Copy the lines below word for word, skipping any image.

◆ **Records shown**

:::::

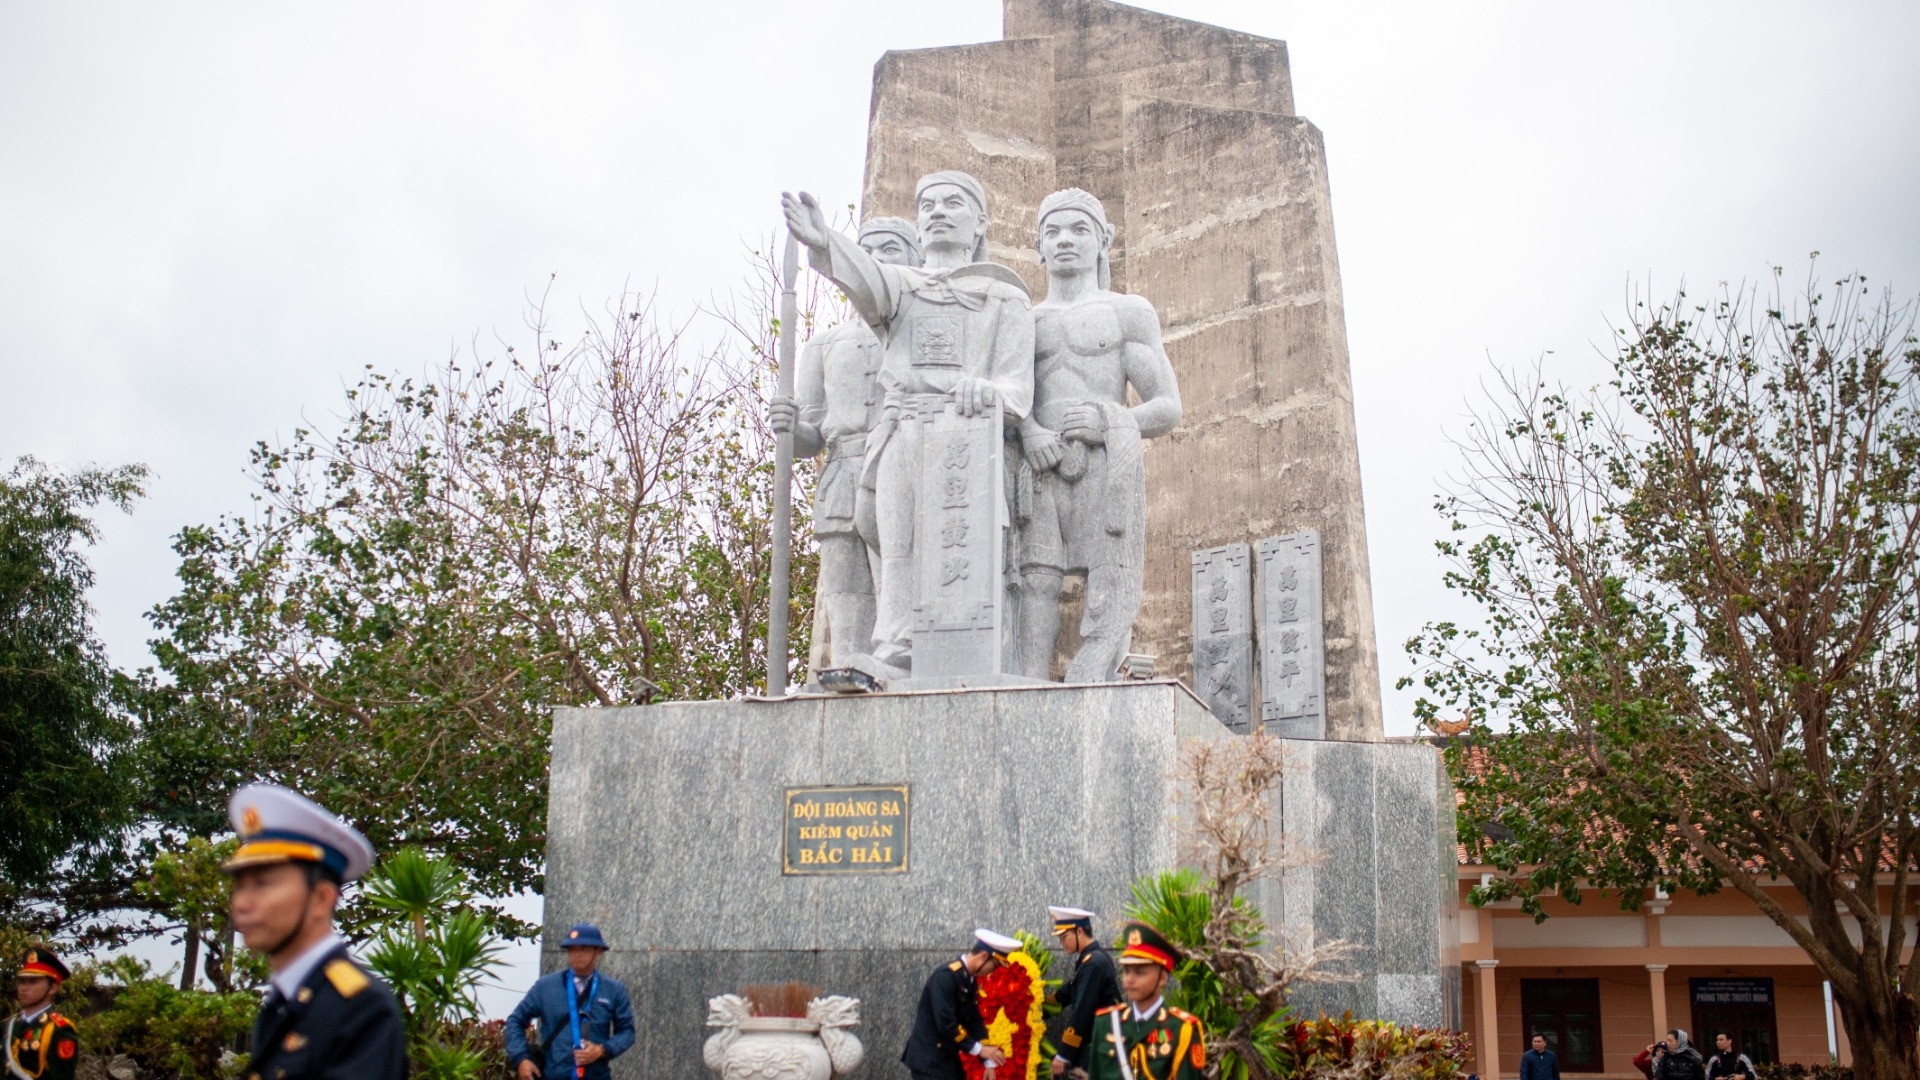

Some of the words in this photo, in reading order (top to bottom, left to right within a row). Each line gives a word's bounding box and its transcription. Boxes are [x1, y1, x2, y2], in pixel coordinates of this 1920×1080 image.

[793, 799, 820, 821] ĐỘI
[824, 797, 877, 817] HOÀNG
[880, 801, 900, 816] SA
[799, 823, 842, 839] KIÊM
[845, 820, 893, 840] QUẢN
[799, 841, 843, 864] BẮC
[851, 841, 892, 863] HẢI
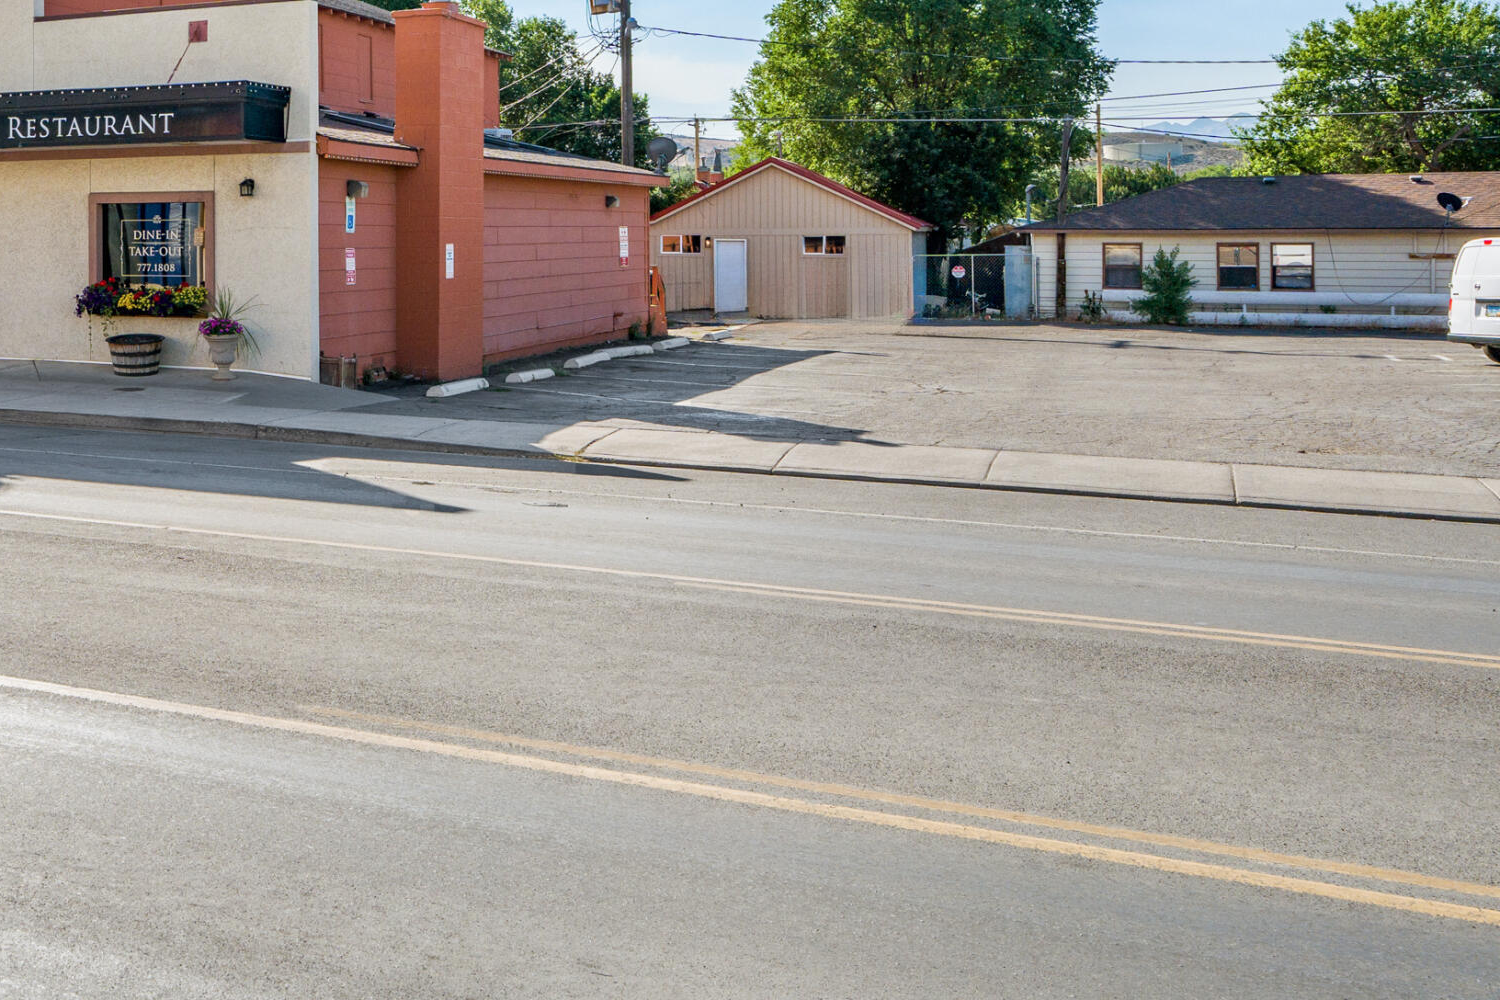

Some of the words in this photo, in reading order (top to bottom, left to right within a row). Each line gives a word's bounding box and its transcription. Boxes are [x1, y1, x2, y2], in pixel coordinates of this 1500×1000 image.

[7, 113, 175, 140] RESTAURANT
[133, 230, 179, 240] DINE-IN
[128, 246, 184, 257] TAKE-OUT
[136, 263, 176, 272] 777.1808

:::::

◆ **Task response**
Some of the words in this photo, in reading order (top to bottom, left to right within a row). Each line gives a word's bounding box and its transcription. Boxes are [x1, y1, x2, y2], in pixel coordinates of this 1920×1080 image.

[793, 799, 820, 821] ĐỘI
[824, 797, 877, 817] HOÀNG
[880, 801, 900, 816] SA
[799, 823, 842, 839] KIÊM
[845, 820, 893, 840] QUẢN
[799, 841, 843, 864] BẮC
[851, 841, 892, 863] HẢI

Some of the words in this photo, in reading order (top to bottom, left to right within a row). Each line gives a word's bounding box and its transcription. Boxes are [x1, y1, x2, y2], in pixel coordinates of this 1500×1000 image.

[7, 113, 175, 140] RESTAURANT
[133, 230, 179, 240] DINE-IN
[128, 246, 184, 257] TAKE-OUT
[136, 263, 176, 272] 777.1808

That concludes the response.